ニューヨーク・ファッション・ウィークにおける自身の秋/冬季コレクションの場にてナルシソ・ロドリゲス―2007年2月6日。

目次

歴史

胎動期

西暦1961年―アメリカ合衆国の東海岸にあって遥かなる大西洋の水面を見据えるニュージャージー州にてキューバ系移民の両親のもとに生まれたナルシソは、そのニューアークという大都市にあって貧しい地域で育った。

いつしかファッションに関わる道を模索し始めていたナルシソであったが、キューバ人の社会にあっては男が関わるには『女々しい』ものとして『ファッション』の受容性は低いそうで、そのため両親からの理解もあまり得られなかった。

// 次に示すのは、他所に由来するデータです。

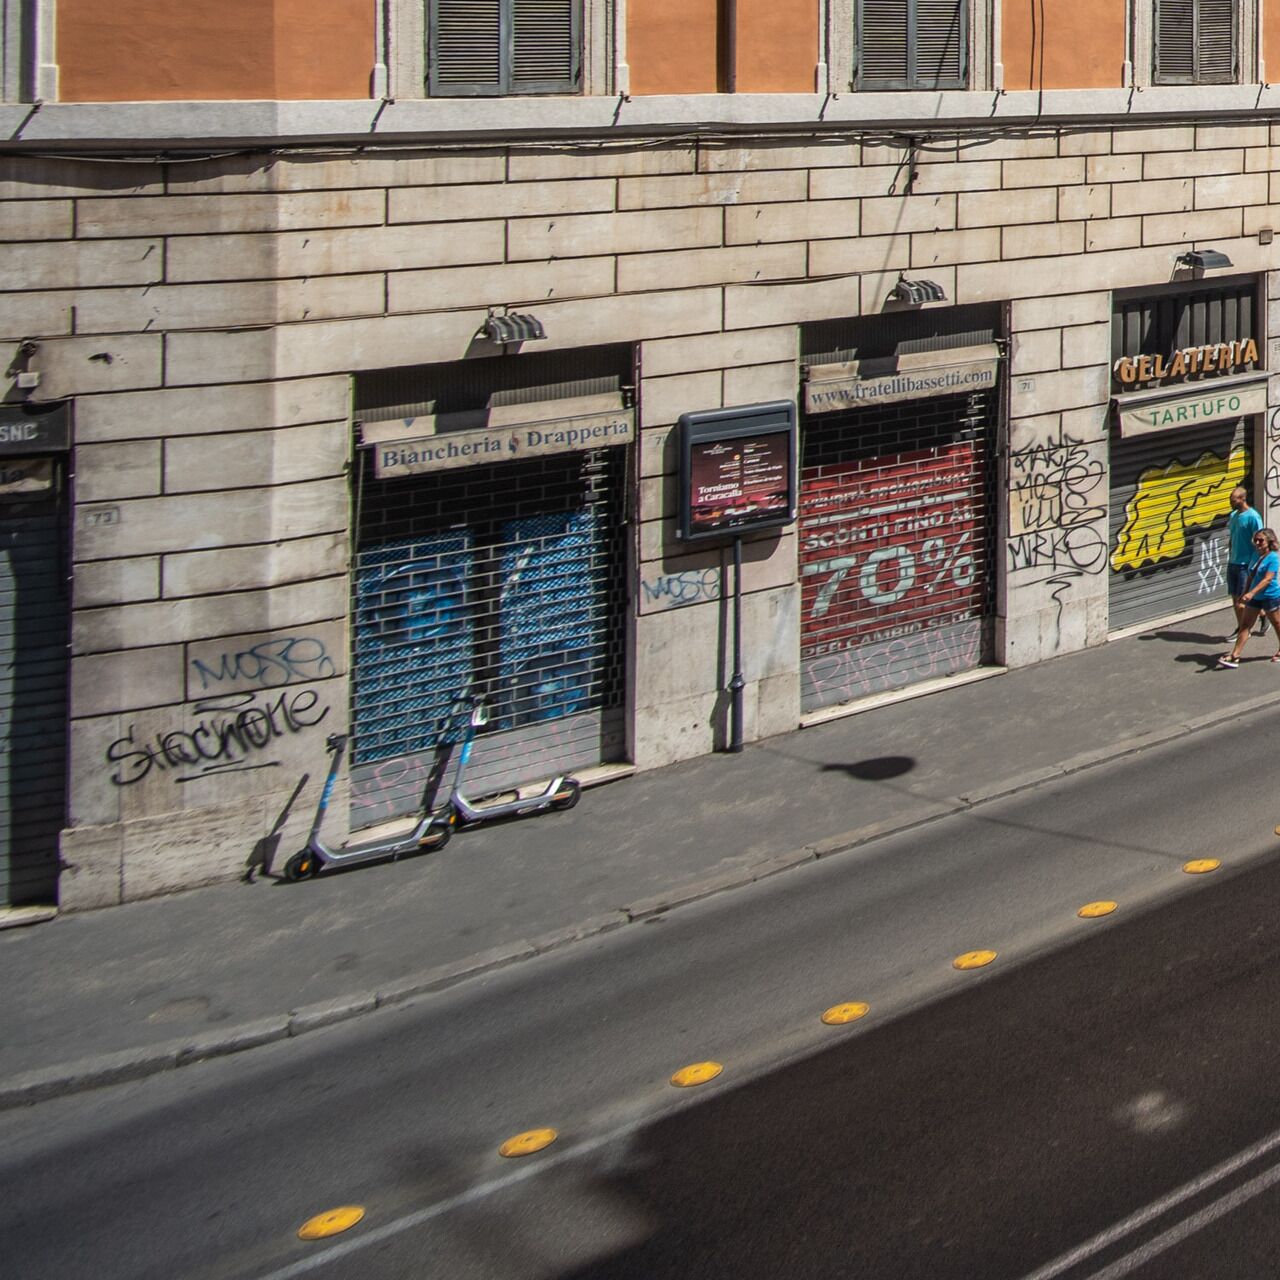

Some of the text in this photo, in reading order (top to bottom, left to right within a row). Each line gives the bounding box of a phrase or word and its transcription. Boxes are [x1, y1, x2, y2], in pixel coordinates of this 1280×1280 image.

[1114, 338, 1258, 383] GELATERIA
[811, 369, 992, 405] www.fratellibassetti.com
[1150, 396, 1241, 427] TARTUFO
[383, 420, 629, 468] Biancheria Drapperia
[698, 482, 739, 494] Torniamo
[704, 489, 742, 501] Caracalla
[804, 521, 889, 550] SCONTI
[895, 511, 944, 531] FINO
[802, 531, 976, 618] 70%
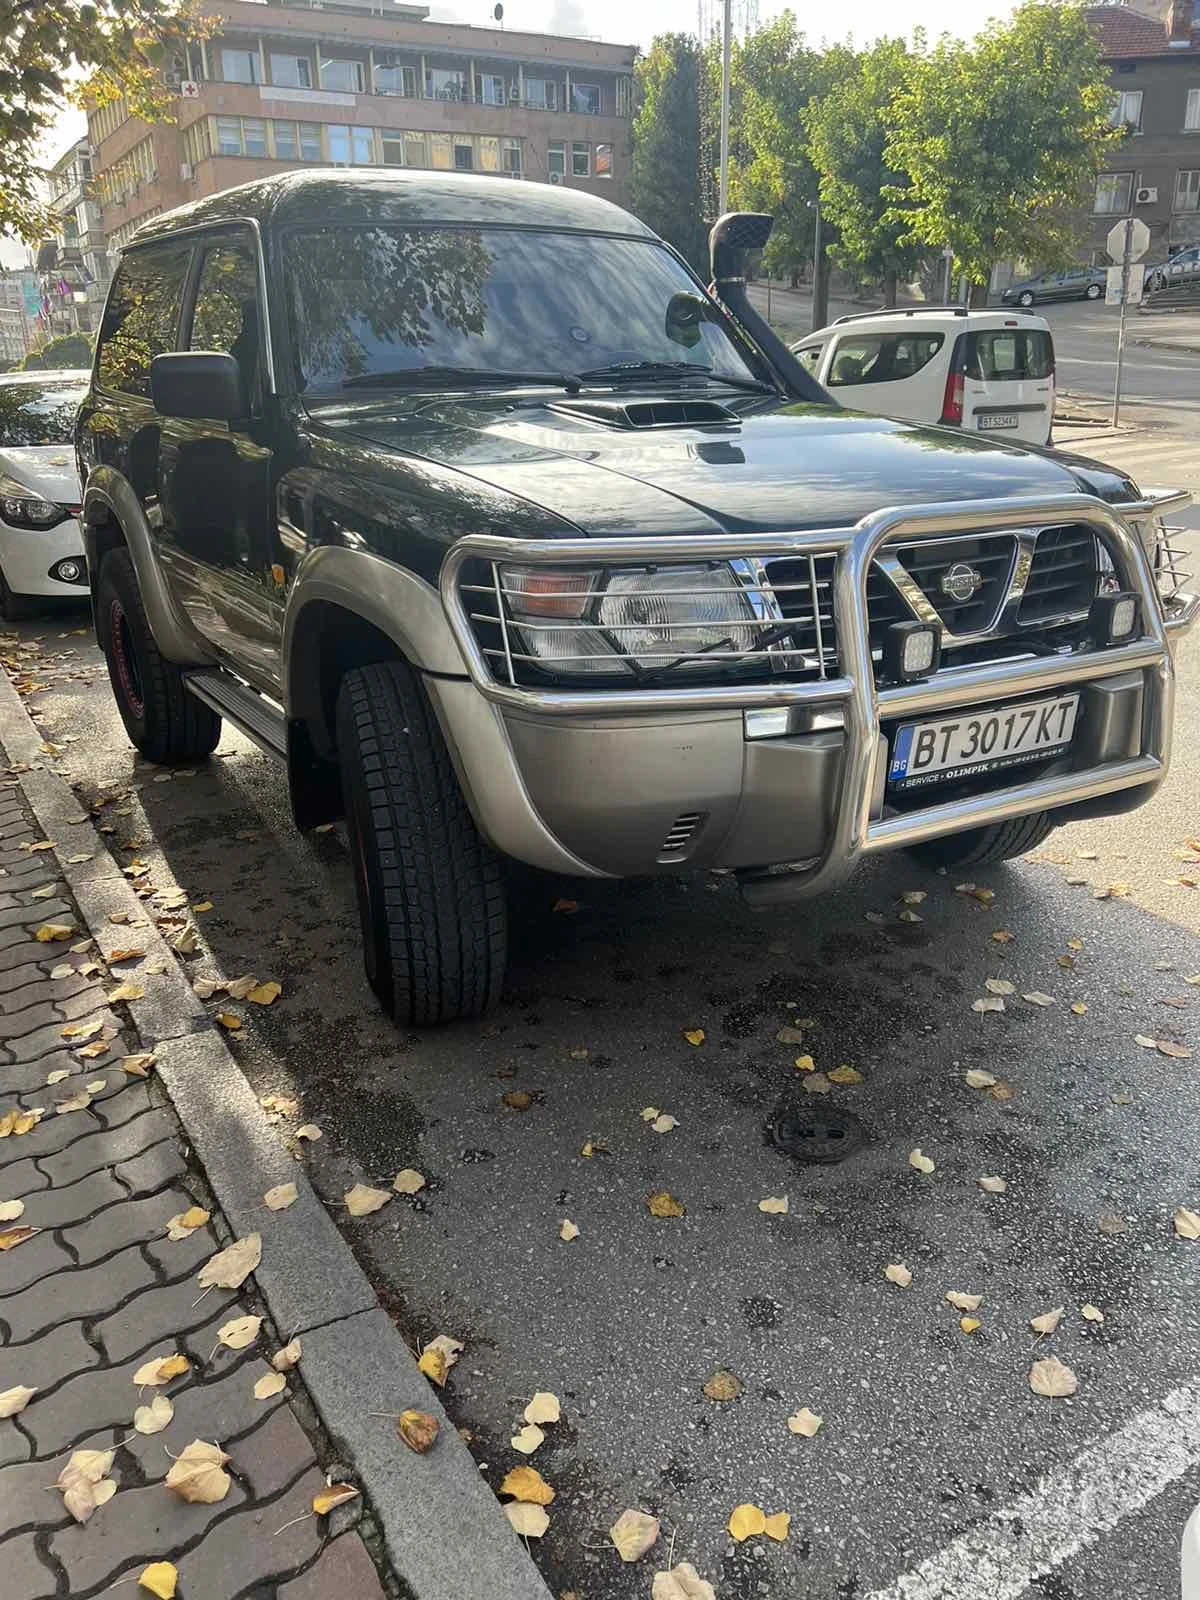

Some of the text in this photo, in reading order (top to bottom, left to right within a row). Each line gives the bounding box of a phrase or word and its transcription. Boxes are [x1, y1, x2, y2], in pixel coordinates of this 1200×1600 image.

そんな両親はナルシソに対して、医師か弁護士かあるいは歯科医になることを望んでいたという。・・・かようの『マッチョ』な風土のなかで育ったナルシソは、どうしたわけかいつしかゲイ―同性愛者―であることを自認するようになった。

始動期

そうした状況にありながらも、やがて故郷を後にしいつしか大きく北上。この国のファッション・キャピタル―ニューヨークへと移ったうえで、いずこかのデザインの学校に学んだナルシソは、その後・・・アン・クラインという名デザイナーのもとにいたダナ・キャランのアシスタントを務める機会を得たことで、そのデザイナーとしての経歴をついに始動することになった。

やがてカルヴァン・クラインのもとに移り、女性服のデザインを担当しながら経験を積んでいった。1995年にはセイ(TSE)というブランドのデザイン・ディレクターに就任し、ニューヨークにてそのレディ・トゥ・ウェア(既製服)のコレクションを展開。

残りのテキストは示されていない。